EDUCATION: Prior to being accepted into statehood by the U.S. Congress on July 3, 1890, we, the citizens of Idaho, ratified our state constitution in November of 1889 through a statewide vote. Not only did we concur on our Declaration of Rights in Article I of the Constitution, but we also made an agreement amongst ourselves as to what the business of the state shall consist of. One piece of that business is our educational system. Article IX defines the obligation of the Idaho Legislature “to establish and maintain a general, uniform and thorough system of public, free common schools.”
Presently, the Idaho Legislature is considering a significant re-write of the laws which determine how taxpayer dollars are distributed throughout the state K-12 school system. There are a multitude of laws brought together to make up the school funding formula. For decades, the starting point for distributing funds has been based on average daily attendance. In addition to attendance, the current funding formula takes into account special programs, education initiatives, school size, transportation needs, etc. There are recognized weaknesses in the system as technology changes how schools function. As a result, three years ago a legislative committee was formed to study updating the funding formula laws. The committee released its results this past week. The recommendation is a shift from average-daily-attendance-based funding to enrollment-based funding. The proposed formula accounts for differences between school districts, as the previous formula did, but has fewer state mandated requirements. The result is intended to provide more local control of spending in the school districts so the people who are nearest a challenge can provide the best answer. The other significant motivation for the change is the hope that funding will better follow students as they take advantage of dual-enrollment programs, online classes, and other educational opportunities.

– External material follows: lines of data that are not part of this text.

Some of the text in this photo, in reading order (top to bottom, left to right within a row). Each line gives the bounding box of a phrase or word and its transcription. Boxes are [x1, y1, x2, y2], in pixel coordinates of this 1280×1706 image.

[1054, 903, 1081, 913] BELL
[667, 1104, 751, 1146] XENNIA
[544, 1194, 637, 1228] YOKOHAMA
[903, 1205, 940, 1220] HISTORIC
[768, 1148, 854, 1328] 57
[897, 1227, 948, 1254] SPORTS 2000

As a member of the Senate Education Committee, I will be involved daily in the next phase of changing our school funding formula. We will take a recommendation and write new law based upon it. My goal in this process is to ensure that improvements from the change are worth the effort of the change. For the school districts, teachers, and staff, please know that I understand this process is creating a level of unease and uncertainty. I will work in the best interests of the whole and I am available for questions at any time.

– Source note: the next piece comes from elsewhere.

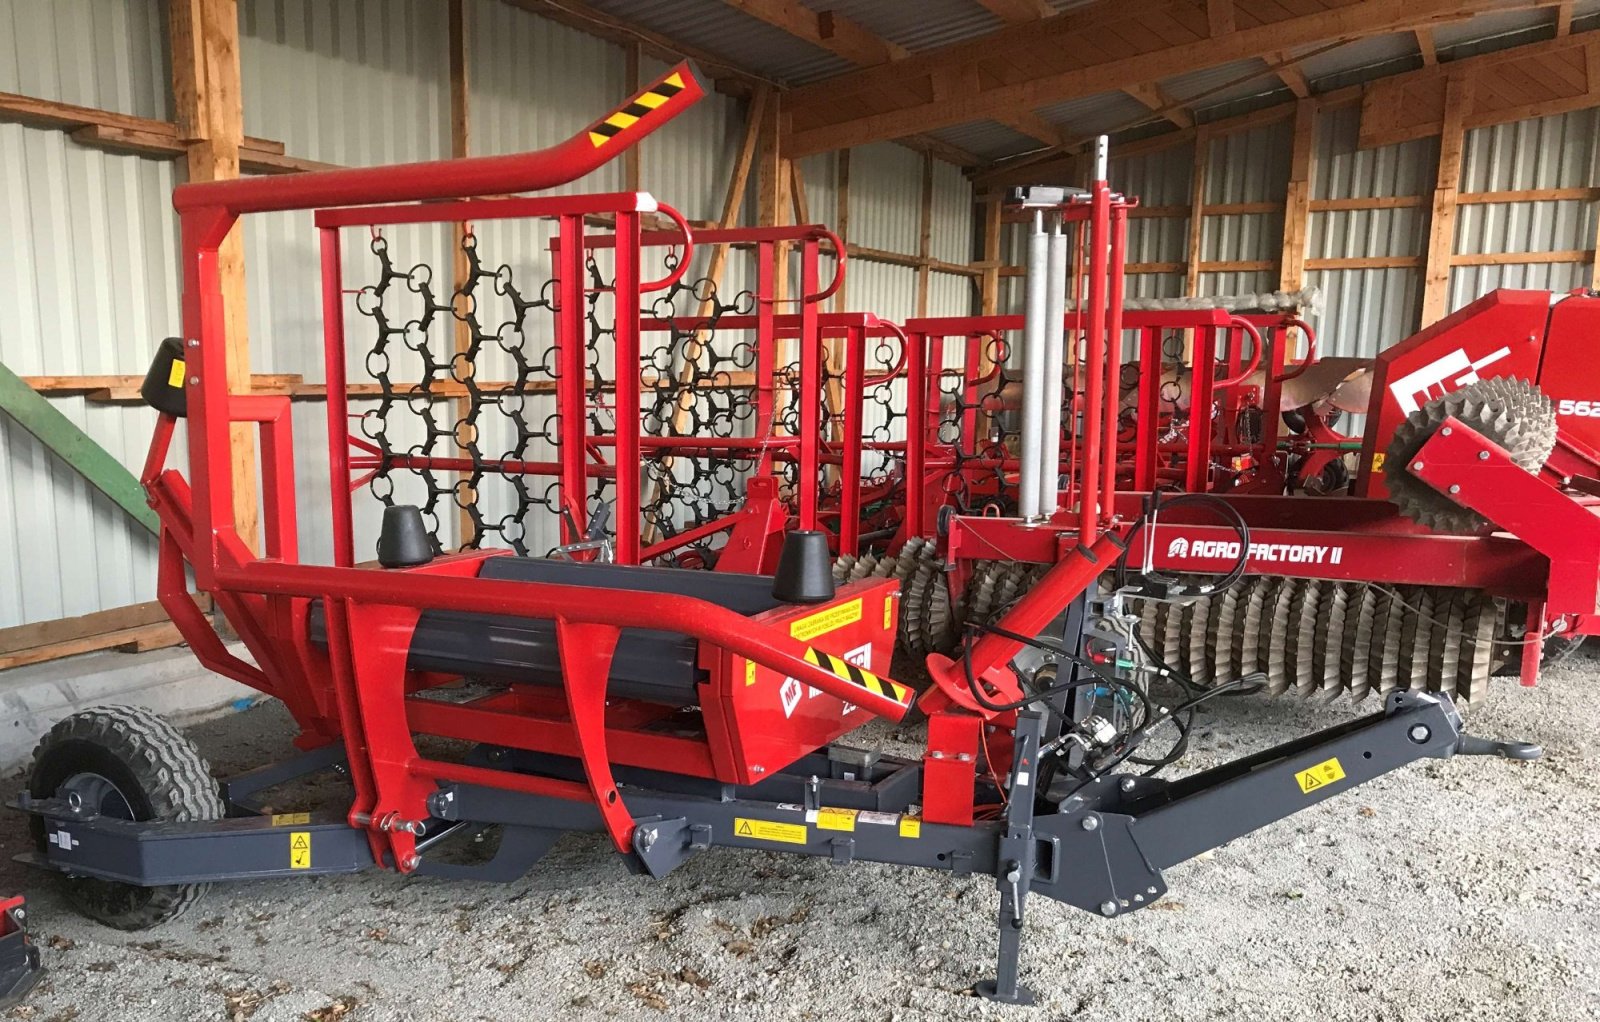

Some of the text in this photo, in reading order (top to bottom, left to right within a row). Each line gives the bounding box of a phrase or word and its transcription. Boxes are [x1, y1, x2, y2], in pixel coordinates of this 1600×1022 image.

[1191, 540, 1241, 559] AGRO
[1246, 543, 1328, 564] FACTORY
[1330, 547, 1342, 564] II
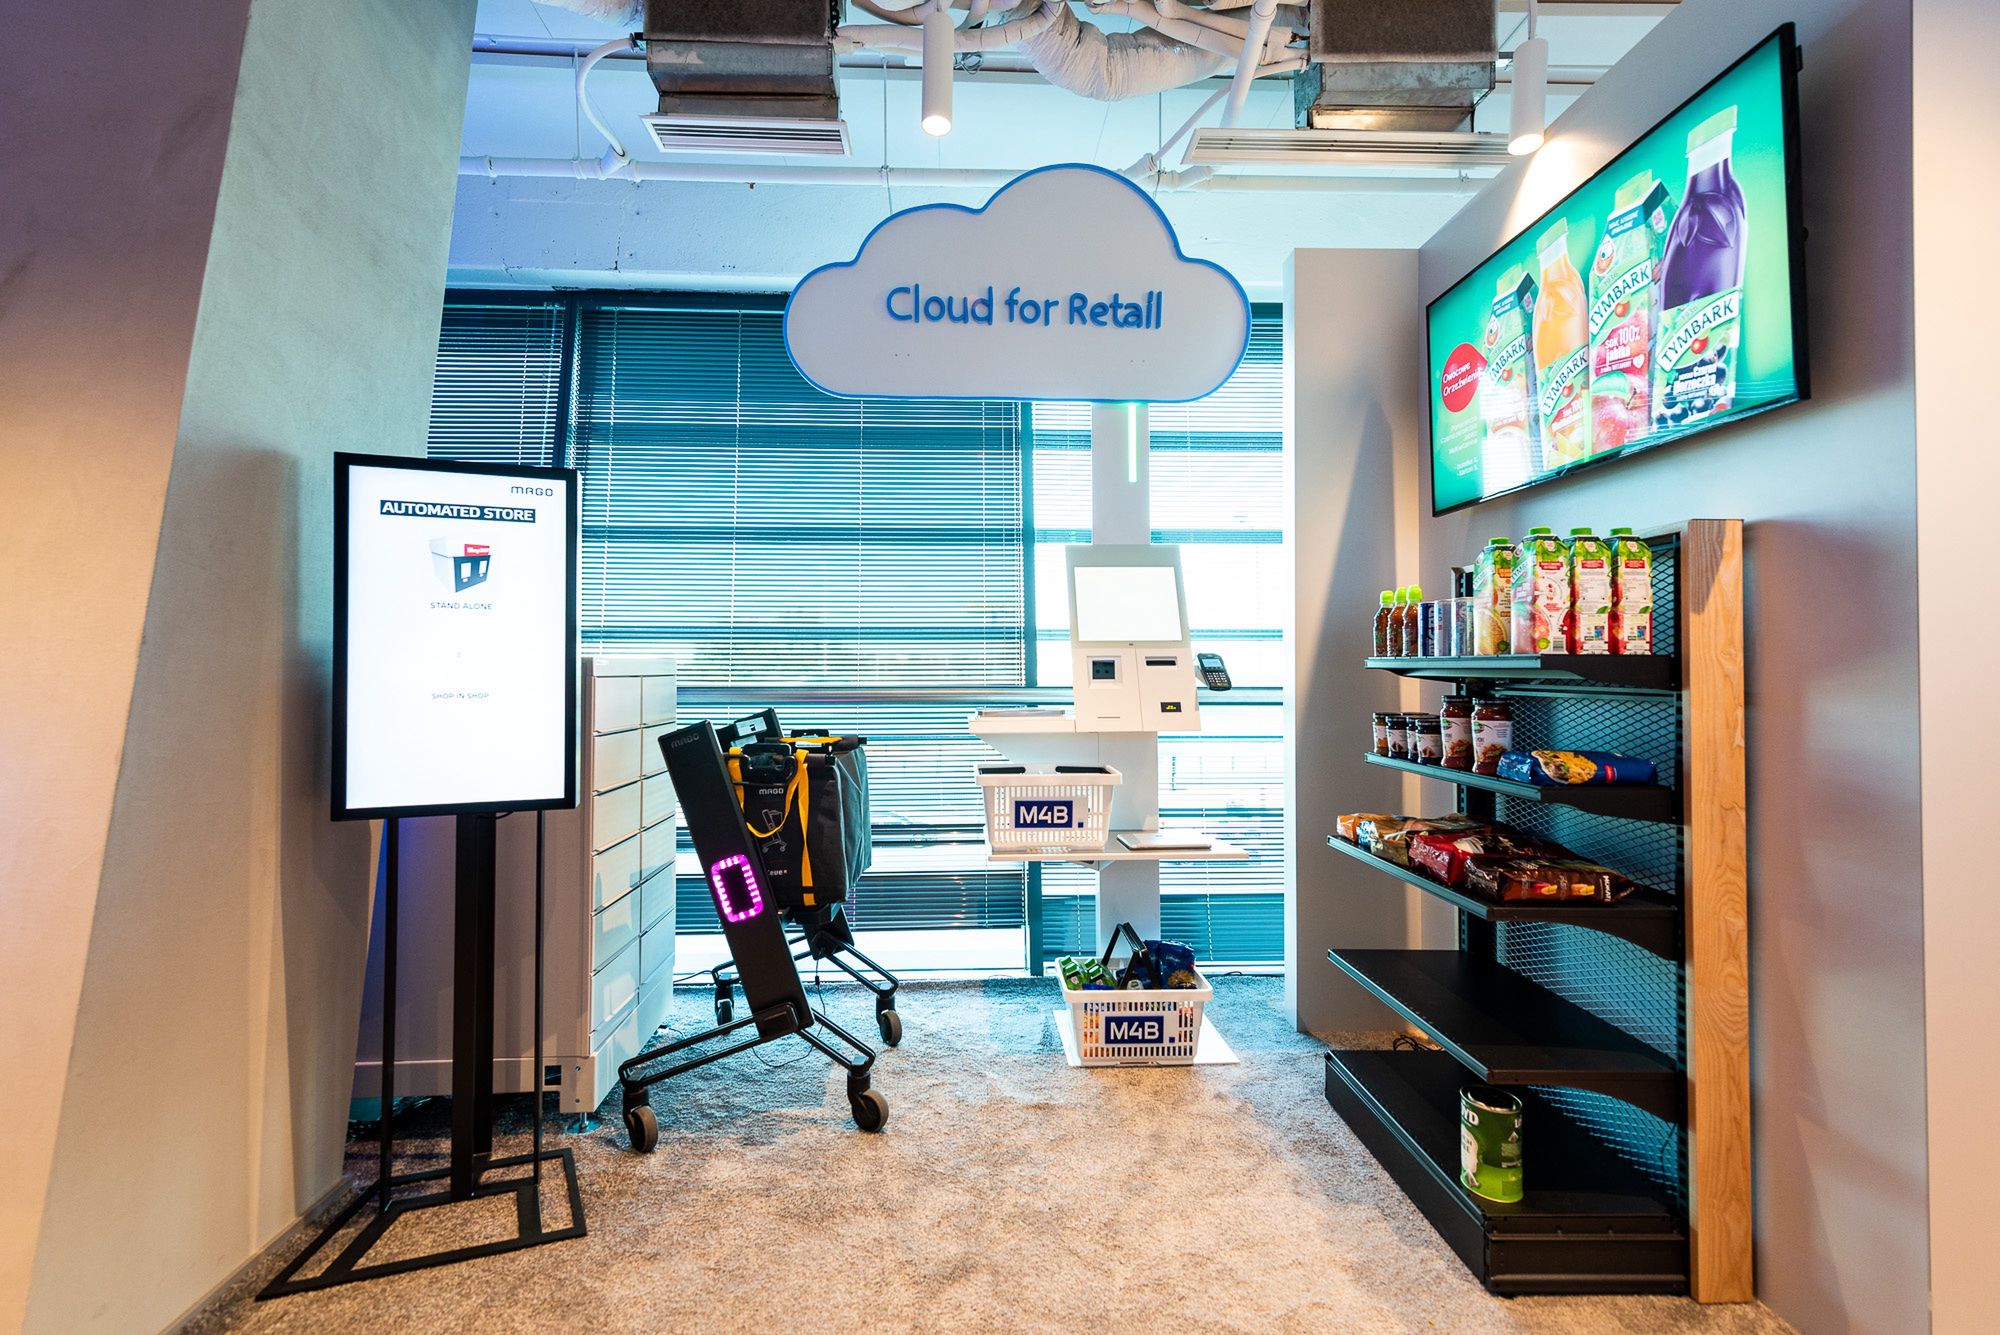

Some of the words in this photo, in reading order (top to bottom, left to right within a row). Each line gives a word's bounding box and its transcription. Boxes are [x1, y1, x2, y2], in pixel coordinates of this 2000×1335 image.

TRANSPORTATION: In good economic times, we can finish the year with state revenues slightly higher than expenditures. As responsible Idahoans, we put half of the leftover money in a rainy-day fund. The other half we use for transportation projects throughout the state. Idaho has a backlog of road and bridge repairs needed to update aging infrastructure and a backlog of improvement projects to keep up with our growing Idaho population. There is a grant application process to determine where the transportation money will go. Local transportation agencies in Bonner County and Boundary County fared extremely well in the rankings this year. We should have final confirmation in the next few weeks of $3.1 million of funding which will go to the city of Priest River, the Independent Highway District, Boundary County, the city of Kootenai, and Bonner County. Congratulations to these agencies for a job well done!

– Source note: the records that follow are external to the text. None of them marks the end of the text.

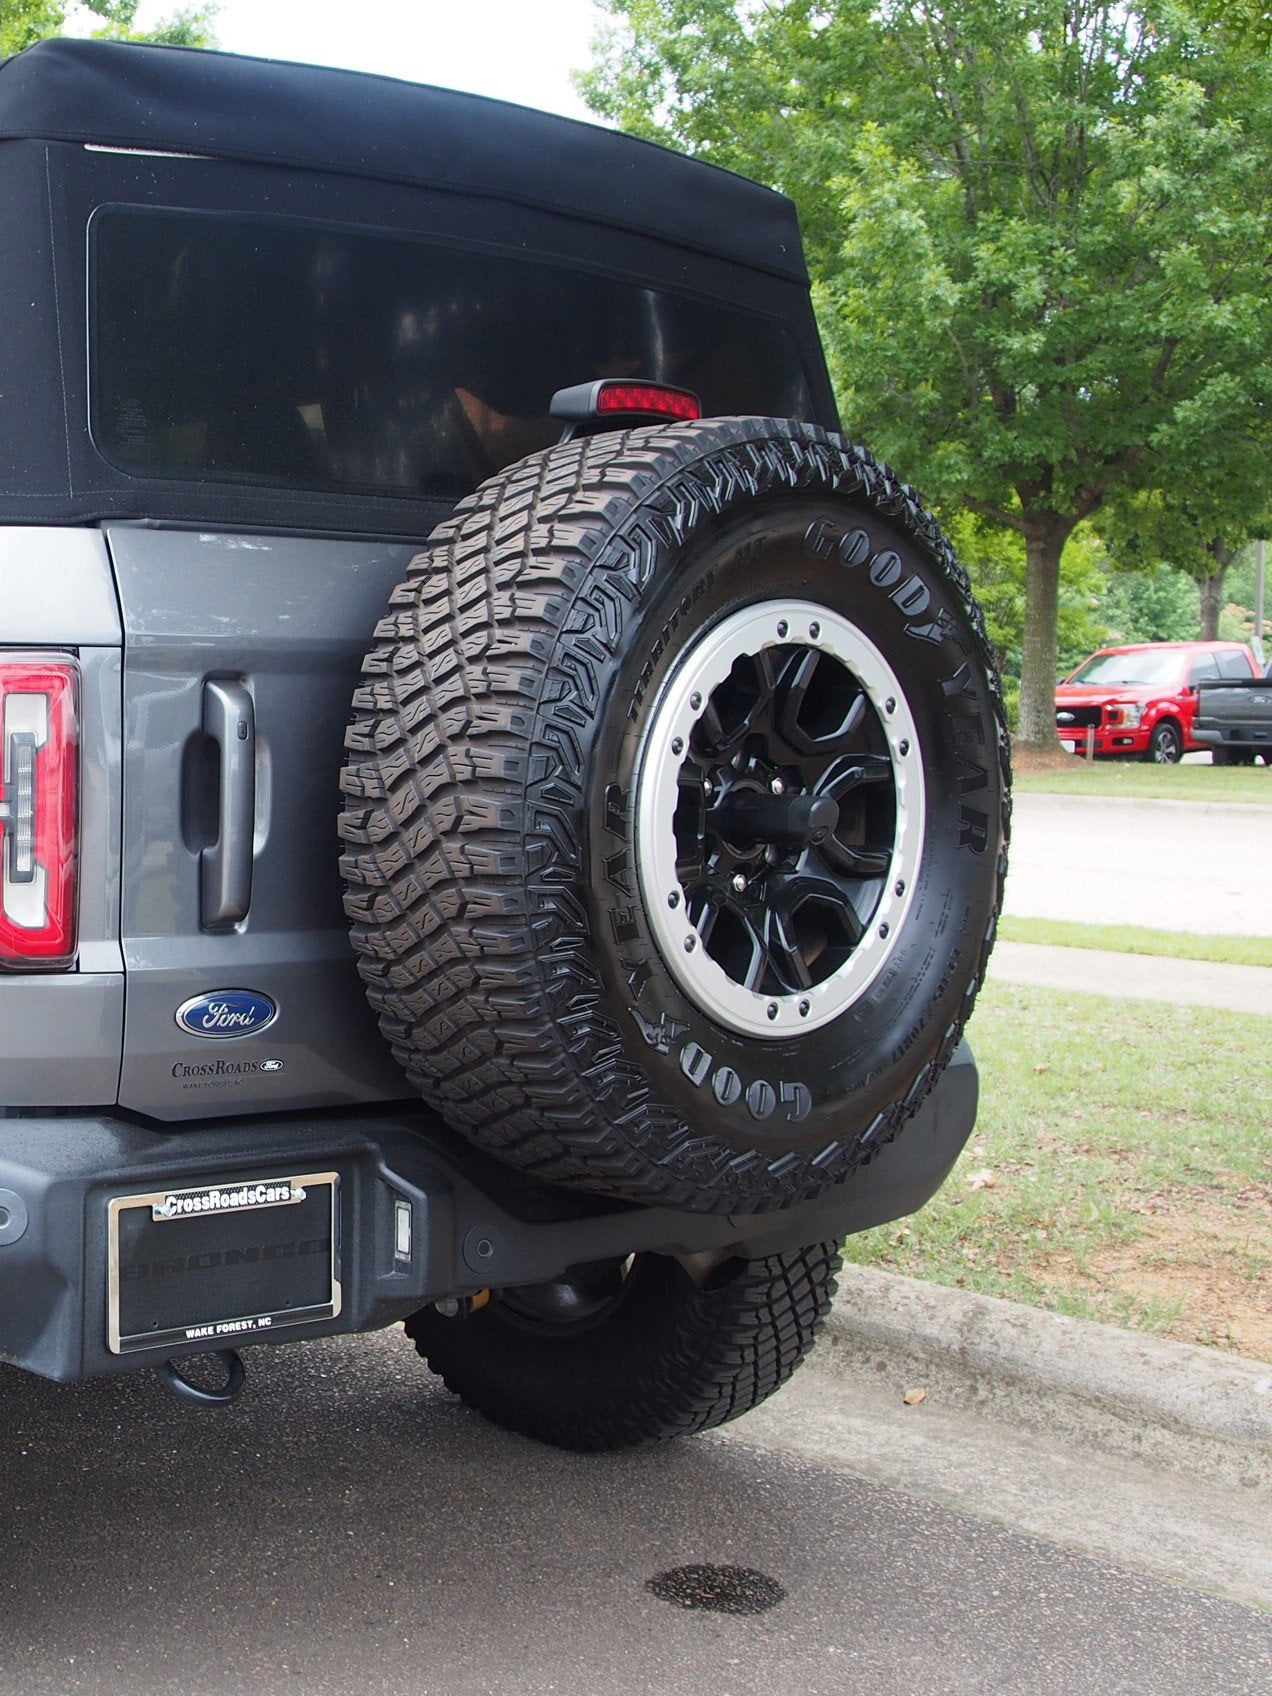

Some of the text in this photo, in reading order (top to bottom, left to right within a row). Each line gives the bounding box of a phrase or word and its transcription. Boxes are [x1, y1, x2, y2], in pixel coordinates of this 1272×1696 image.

[803, 515, 990, 855] GOODYEAR
[602, 782, 812, 1123] GOODYEAR
[202, 1002, 254, 1028] Ford
[165, 1185, 290, 1215] CrossRoadsCars
[186, 1317, 272, 1339] WAKE FOREST, NC

TAXES: As a follow-up to the income tax withholding discussion, below is a state website with the new Idaho Form W-4. With the federal and state tax law changes of the past two years, we should all fill out an IRS Form W-4 and a separate Idaho Form W-4, then provide them to our employers. Both forms are a communication between employee and employer to determine how much income tax to withhold per pay period. The forms are not transmitted to the agencies. https://tax.idaho.gov
Sen. Jim Woodward represents District 1, Bonner and Boundary counties, in the Idaho Senate. He can be reached at firstname.lastname@example.org.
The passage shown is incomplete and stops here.